Category Archives: Web Resources

Depending on when fully modern humans left Africa – and that itself depends on evidence that is at odds with any definite resolution – the forebears of the eventual colonisers of the rest of the world may, or may not, have had to survive the effects of the biggest volcanic eruption of the past 2 million years. Around 74 ka the huge, elliptical caldera lake at Toba in Sumatra was formed by a stupendous eruption that threw out 800 km³ of ash (see Ash Wednesday to put this in perspective with recent events). Toba deposited a 15-centimetre ash layer over the entire Indian subcontinent. Toba has taken on a near iconic status among some palaeoanthropologists as a possible means of reducing the entire human population to a mere few thousand: a genetic ‘bottleneck’ that could have led to rapid evolution among surviving generations that shaped such things as language and culture. Unsurprisingly major efforts are underway to get hard facts about the relationship of fully modern humans to the Toba event, a lot of the work-in-progress being outlined at toba.arch.ox.ac.uk/index.htm.

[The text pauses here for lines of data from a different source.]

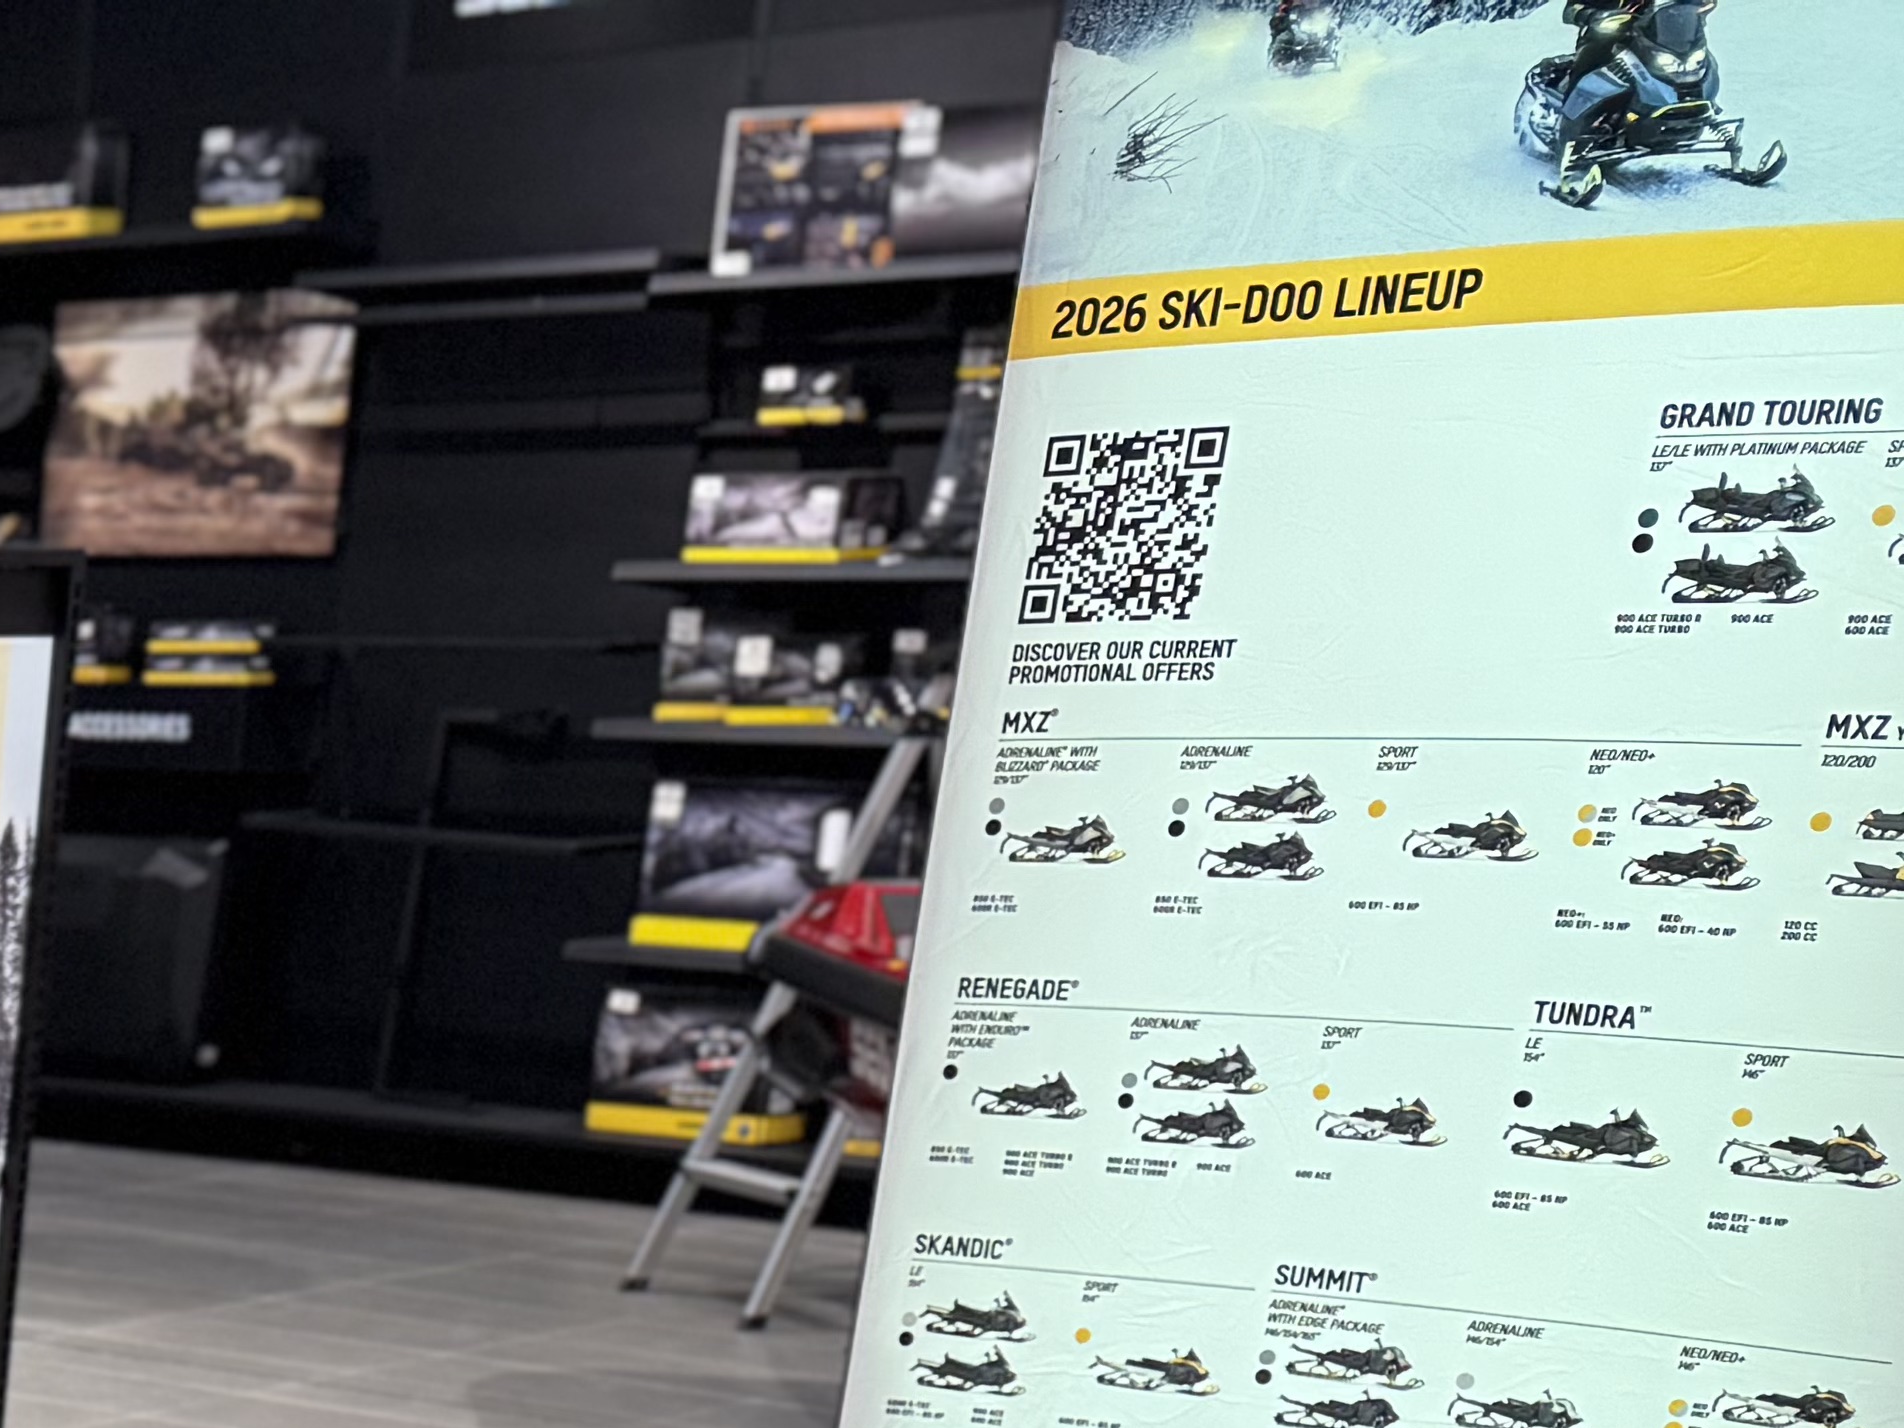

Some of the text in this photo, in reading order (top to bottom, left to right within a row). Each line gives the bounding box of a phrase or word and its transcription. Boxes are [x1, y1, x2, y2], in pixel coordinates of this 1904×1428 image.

[1052, 268, 1484, 339] 2026 SKI-DOO LINEUP
[1660, 397, 1884, 429] GRAND TOURING
[1652, 440, 1867, 458] LE/LE WITH PLATINUM PACKAGE
[1752, 614, 1774, 623] ACE
[1870, 615, 1893, 624] ACE
[1868, 626, 1890, 635] ACE
[1012, 638, 1238, 663] DISCOVER OUR CURRENT
[1008, 662, 1216, 685] PROMOTIONAL OFFERS
[1825, 714, 1892, 741] MXZ
[1070, 745, 1099, 758] WITH
[1180, 745, 1253, 758] ADRENALINE
[1378, 746, 1419, 759] SPORT
[1589, 749, 1656, 762] NEO/NEO+
[1050, 759, 1101, 772] PACKAGE
[1821, 754, 1876, 769] 120/200
[951, 1010, 1018, 1023] ADRENALINE
[950, 1023, 978, 1035] WITH
[1130, 1016, 1201, 1032] ADRENALINE
[1322, 1026, 1363, 1040] SPORT
[948, 1036, 997, 1049] PACKAGE
[1525, 1037, 1543, 1050] LE
[1744, 1053, 1790, 1068] SPORT
[1083, 1280, 1119, 1294] SPORT
[1267, 1313, 1385, 1335] WITH EDGE PACKAGE
[1467, 1320, 1545, 1339] ADRENALINE

See also:  Balter, M. 2010. Of two minds about Toba’s impact. Science, v. 327, p. 1187-1188.

The success of the online encyclopaedia called Wikipedia stems from millions of people being able to write about their own expertise, and also to add to, revise, correct and update any entry. Building up a knowledge base that way is a lot faster and more agreeable than individual efforts. The authors of a useful website on fossils (www.palaeos.com), begun in 2002, recently ran out of steam. Rather than allow it to become fallow, they have turned it into a wiki (wiki wiki means quickly in the Hawaiian language) at www.palaeos.org. Hopefully it will grow explosively, and I have suggested to  Prof P.U. Siffli, of Sringeri University in Karnataka, India, that he should contribute his hitherto private but astonishing knowledge on fossil hamsters.

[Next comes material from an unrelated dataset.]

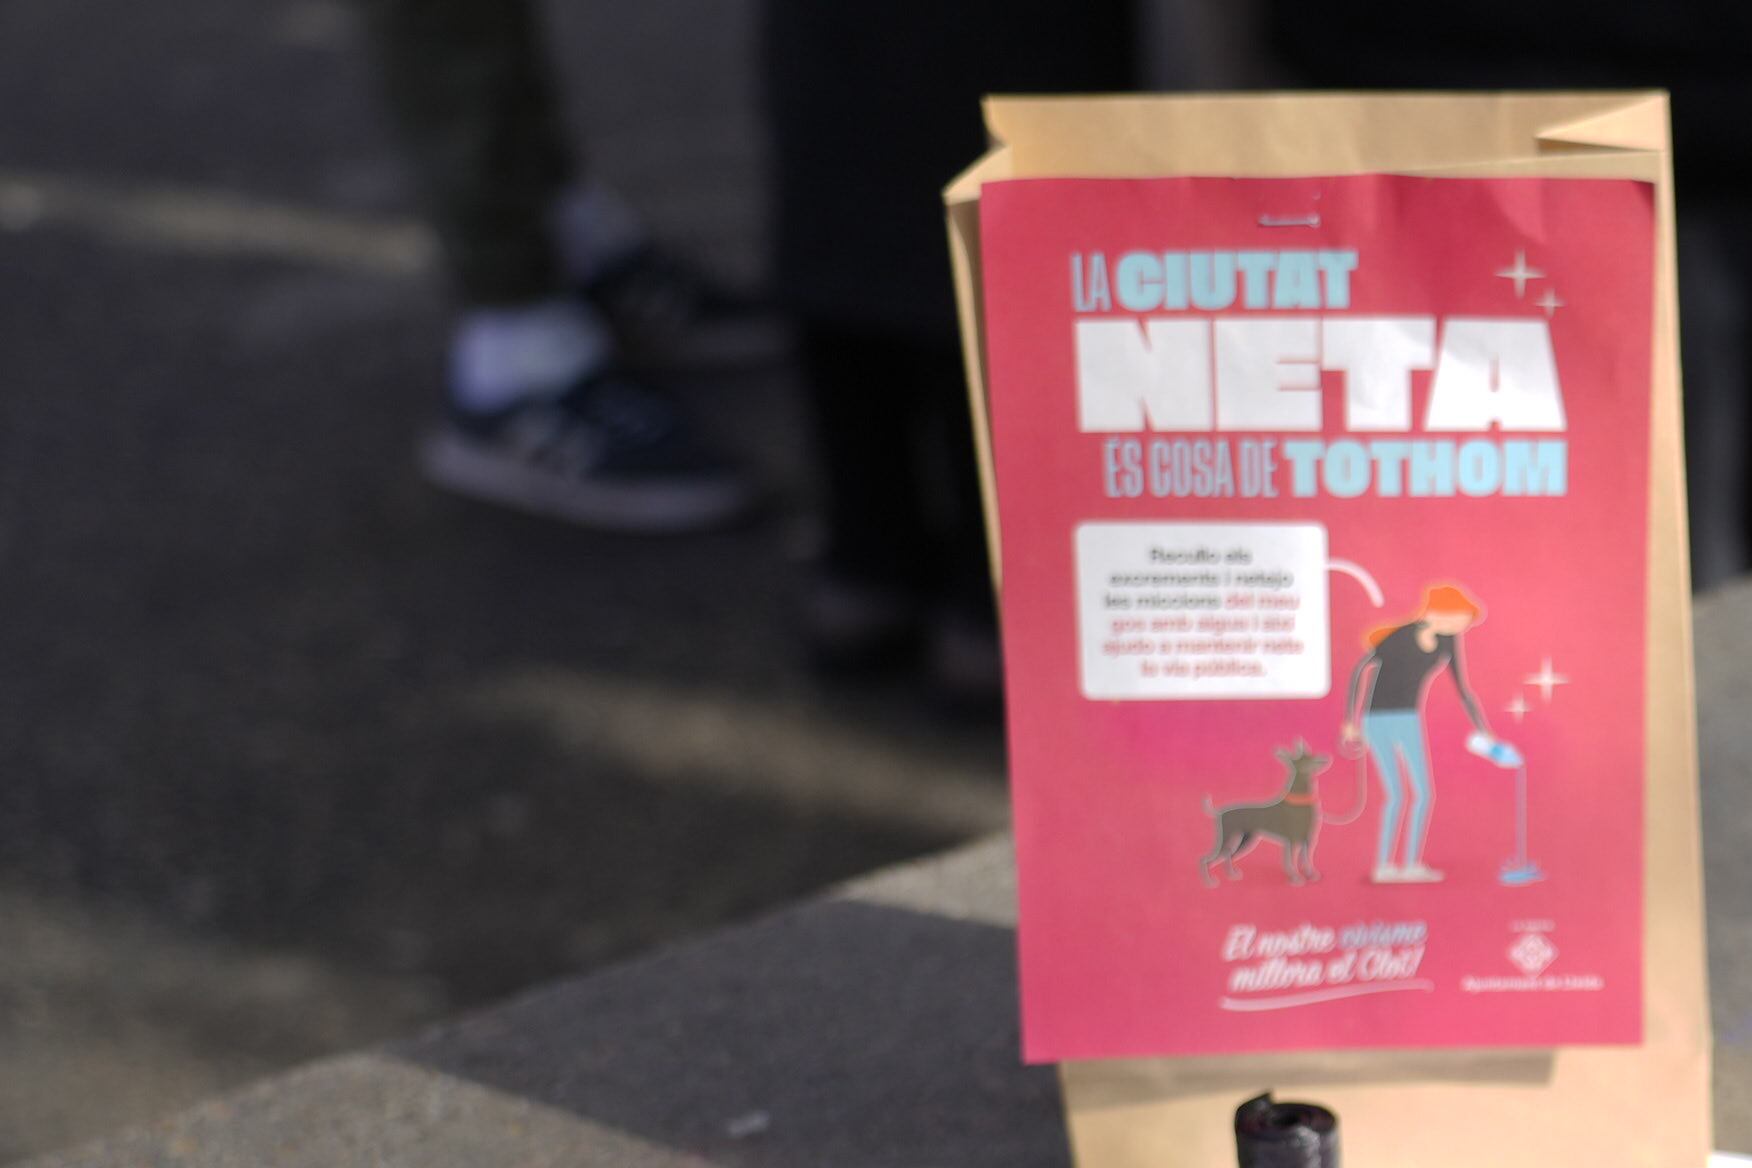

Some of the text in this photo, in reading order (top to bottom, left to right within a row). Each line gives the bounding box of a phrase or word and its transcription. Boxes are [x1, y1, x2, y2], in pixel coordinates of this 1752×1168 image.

The US Geological Survey has recently launched its Natural Hazards Gateway at www.usgs.gov/hazards to give access to data and educational material on volcanoes, landslides, hurricanes, floods, earthquakes, tsunamis and wildfires. The coverage is global, naturally with a great deal on the US. The links within USGS and to other agencies are comprehensive. When USGS sets out its stall, it groans with produce.

Have you exhausted the possibilities in Google Earth – unlikely – then why not try Google Mars (www.google.com/mars)? Well it’s a bit early, as the site is still under construction, and does not yet include the features that enrich the Google Earth experience or the full planetary surface. Nevertheless the University of Arizona, which produced the data mosaics, has provided a bright, colour-coded elevation map and mosaiced images in visible and infrared wavelengths that show enough detail to easily examine many of the landforms for which the ‘Red Planet’ has become renowned.  It is a fine resource for targeting users to find specific kinds of feature – craters, dunes, water-carved valleys and lava flows. Once complete it should satisfy anyone who wants to explore, probably including those with delusions of ‘boldly going…’ before they become too old and infirm….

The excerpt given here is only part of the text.